Over the summer, Harvard students write novels while sitting on Tahitian beaches, form future international conglomerates, and help starving sub-equatorial children learn about women in business. But when it comes to spinning the tale, style murders substance.
Picture it. You vacantly smile after an aborted hug with someone whose name you sort of remember, and then listen to one of those stories about the inconvenience of travel and how in New York everyone’s merging and acquiring or whatever. Blah.
The summer holiday story is the inevitable gutter-fodder of September social interactions. You won’t remember what she did. You don’t care where he worked. You don’t admire the orange tan, and certainly don’t want to air-hug whomever lurks beneath it.
So how do you avoid these crap exchanges?
For one—FM’s favorite—just end the conversation before it starts. Immediately after saying hi and where you’re going with that case of beer, smile like Vanna White and say “Okay, bye!” Better yet, point over your friend’s shoulder, whisper “Bees!,” and run away.
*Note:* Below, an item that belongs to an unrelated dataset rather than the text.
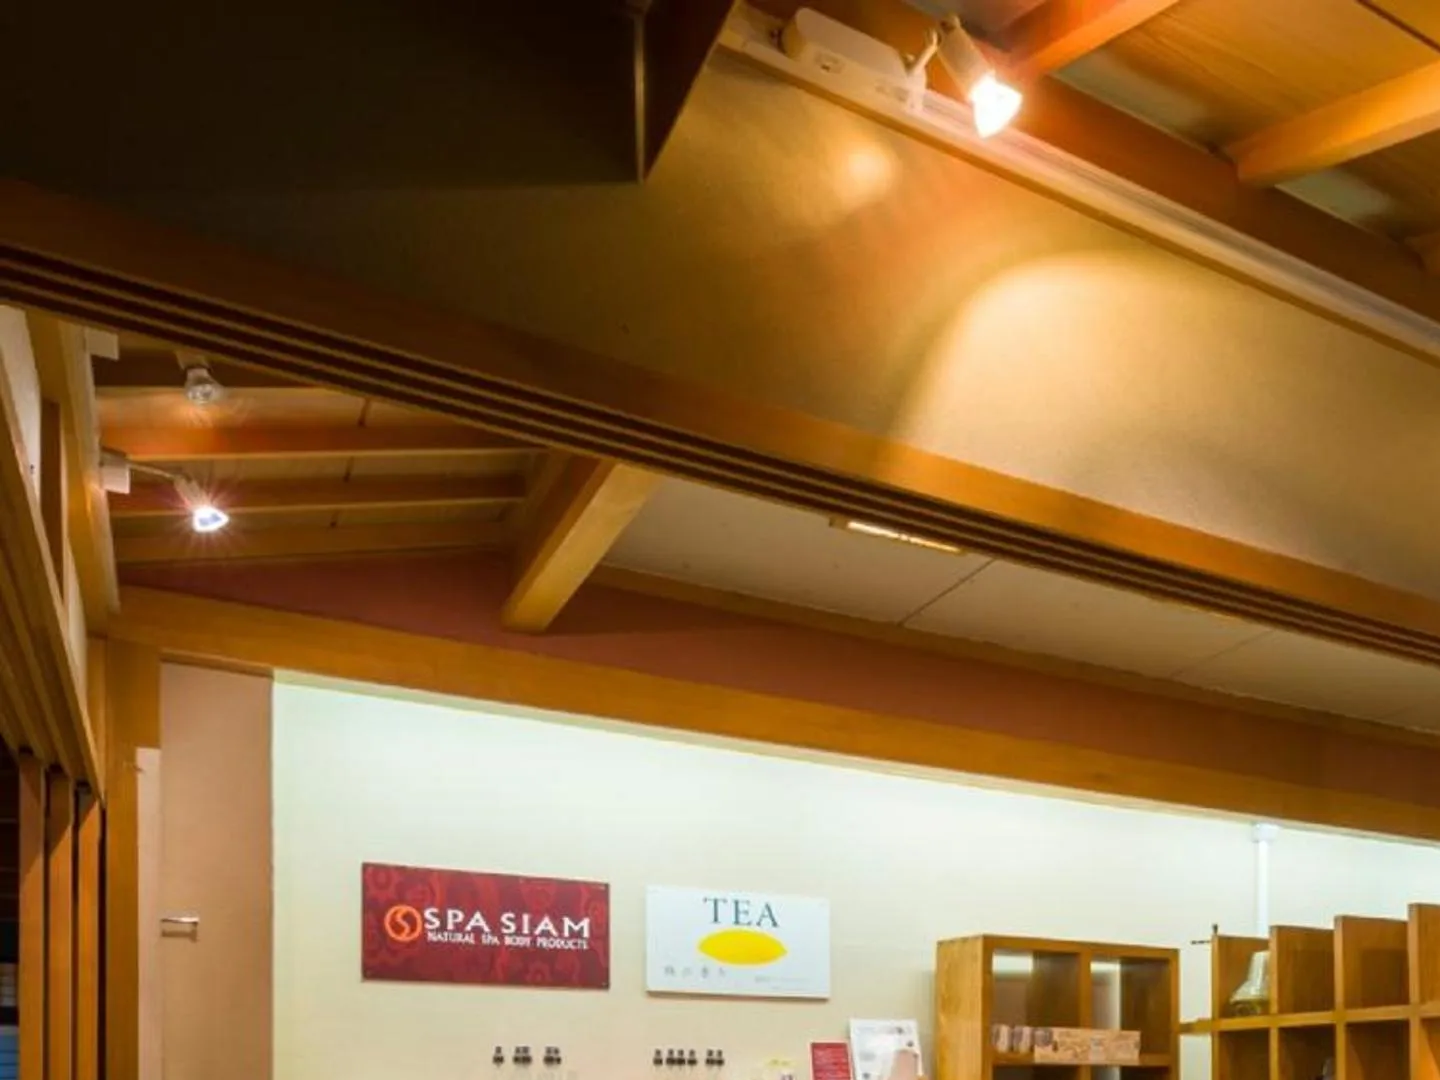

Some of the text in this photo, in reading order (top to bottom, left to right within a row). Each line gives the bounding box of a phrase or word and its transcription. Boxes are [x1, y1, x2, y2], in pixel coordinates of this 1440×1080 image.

[424, 907, 590, 939] SPA SIAM
[703, 897, 779, 928] TEA
[427, 931, 476, 945] NATURAL
Or, avoid the subject wholesale by focusing intently on the present. Point to the splatter of vomit plastered on Quincy’s ceiling or your senior tutor’s feet, and do the whole wide-eyed wonder thing. Tease tourists. Gossip.
You can also avoid dealing with your orange acquaintances by fake-talking loudly on your cell phone. Repeat something inoffensive, like
“I know!” or, if it’s Saturday, “Where’s the party at?!,” and then smirk, wave, and pass right by them.
And if worst comes to worst, ask your tanned compadre to get lunch or coffee, and really sort out what Namibian toddlers know about the glass ceiling.